Bis zum Untergang der UdSSR beruhten, laut Kissinger, die Beziehungen zwischen Amerika und China auf einem »Dreiecksdenken «. Beide unterstellten Moskau unlautere oder gar aggressive Absichten, verdächtigten die Kremlführung, weltweite Hegemonie anzustreben. Nach Zhou Enlais und Maos Tod war Deng Xiaoping Hauptgesprächspartner für Kissinger. Über ihn vermerkt der Autor, er habe wie »der höchste aller Mandarine« regiert, kaum lautstark in der Öffentlichkeit, eher ein unsichtbarer Herrscher, aber stets omnipräsent. Kissinger schätzte ihn. Deng war der Organisator des wirtschaftlichen und internationalen politischen Aufstiegs der VR China.

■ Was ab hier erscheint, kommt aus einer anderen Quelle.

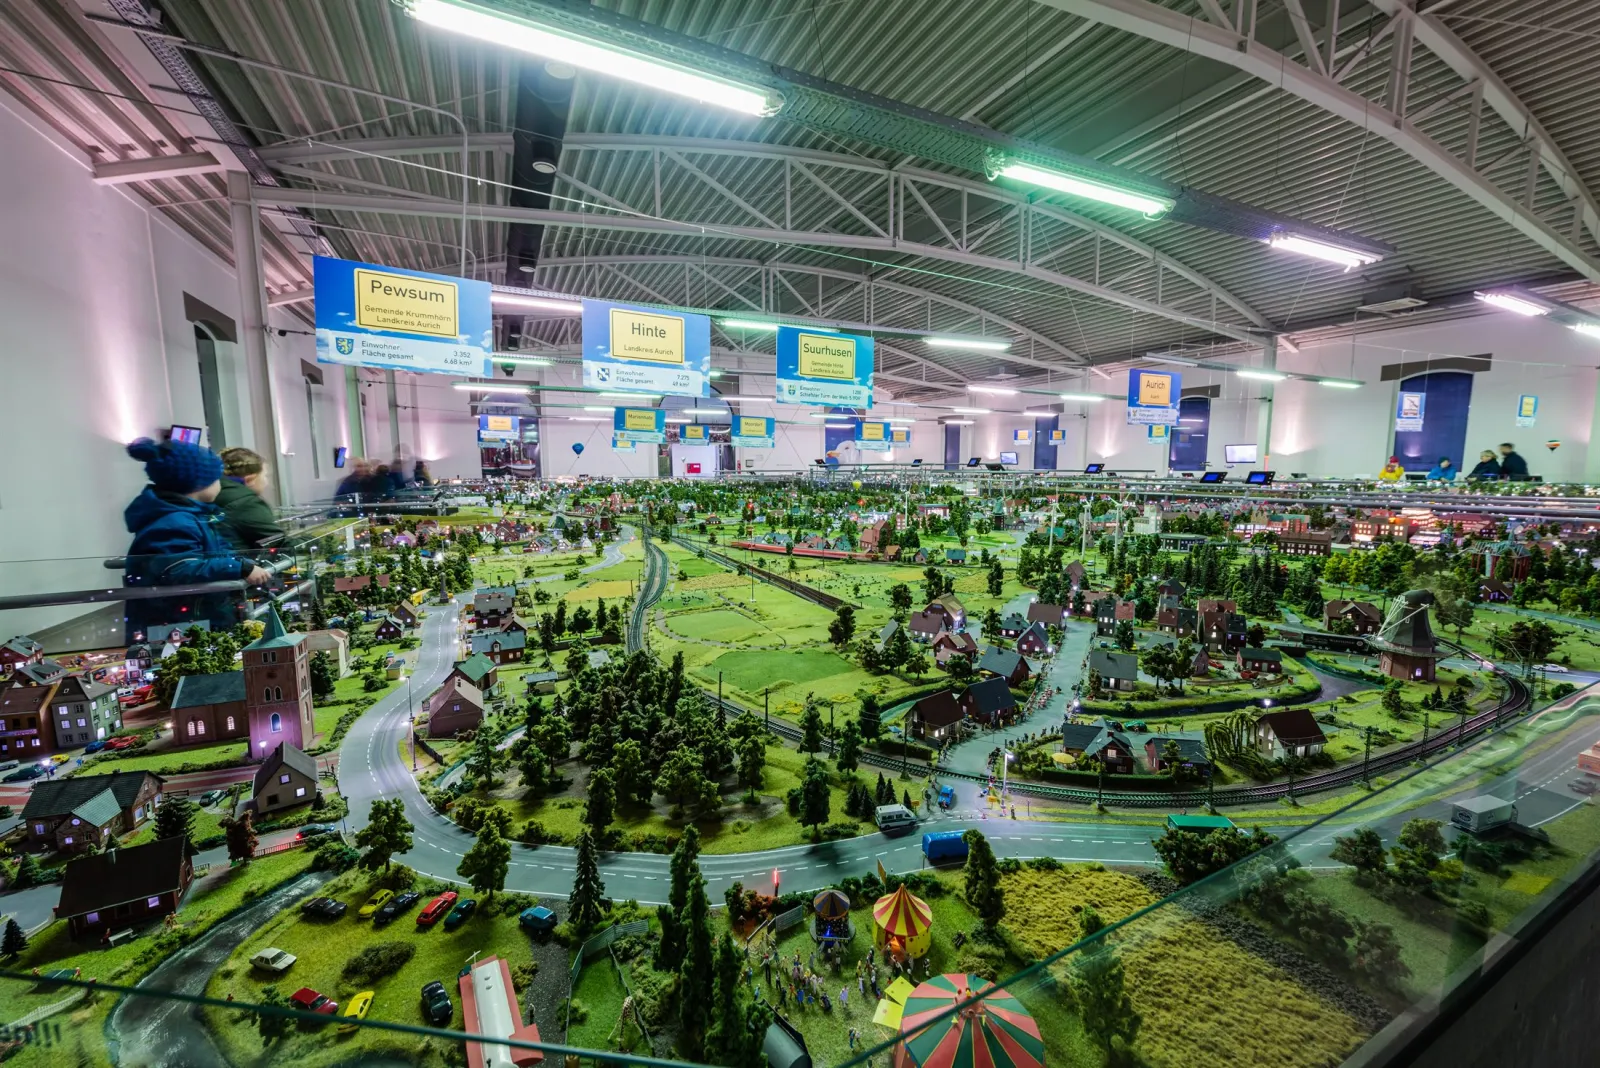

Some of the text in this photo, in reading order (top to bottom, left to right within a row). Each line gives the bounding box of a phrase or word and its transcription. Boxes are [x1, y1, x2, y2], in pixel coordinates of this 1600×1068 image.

[371, 279, 445, 303] Pewsum
[364, 304, 452, 322] Gemeinde Krummhörn
[377, 315, 441, 330] Landkreis Aurich
[631, 322, 667, 338] Hinte
[361, 350, 414, 361] Fläche gesamt
[453, 350, 471, 358] 3.352
[624, 345, 674, 356] Landkreis Aurich
[803, 343, 852, 357] Suurhusen
[1146, 380, 1165, 389] Aurich

Schließlich befasst sich der Autor mit den erneut gestörten Beziehungen zwischen China und den USA. Das Feindbild Sowjetunion ist entfallen, für beide Staaten. Das Weltkräfteverhältnis wurde neu justiert. Rivalitäten richten sich auf Geopolitik, statt auf Ideologien. Chinas Politiker lehnten »die Ausbreitung politischer Prinzipien über die eigenen Grenzen hinaus« strikt ab, bemerkt Kissinger. Und er klagt sodann: »Die Amerikaner dagegen bestanden darauf, dass ihre Wertvorstellungen universell anwendbar seien.« US-Präsident Clinton behaupte 1992, China würde eines Tages »das gleiche Schicksal erleiden wie die kommunistischen Regime in Osteuropa und die ehemalige Sowjetunion«. Sein Außenminister Warren wollte »eine friedliche Evolution Chinas vom Kommunismus zur Demokratie« befördern. Diese hoffte er vor allem durch die Unterstützung von NGOs in China »voranzutreiben«. Doch Chinas Politiker lassen sich von niemandem in ihre Innen- und Außenpolitik hineinreden.

Kissinger bezeugt, im »Reich der Mitte« werde eine harmonische Gesellschaft aufgebaut, in der niemand Armut leidet. Die Chinesen wollen mit anderen Völkern friedlich zusammenleben. Kissinger zitiert den einflussreichen chinesischen Außenpolitiker Dai Bingguo, der im Dezember 2010 erklärte, »am Weg der friedlichen Entwicklung festhalten« zu wollen. »Da ich ein ganzes Jahrzehnt lang viele Stunden im Gespräch mit diesem nachdenklichen und verantwortungsbewussten Spitzenpolitiker verbracht habe, ziehe ich weder seine Aufrichtigkeit noch seine Absichten in Zweifel«, kommentiert der US-Diplomat. Sein Buch sei der jetzigen US-Administration wie auch Pentagon- Strategen und NATO-Generalen als Pflichtlektüre verordnet, um sie von ihrer aggressiven Chinaphobie zu befreien.

Henry Kissinger: China. Zwischen Tradition und Moderne. Bertelsmann Verlag. 608 S., geb., 26 €.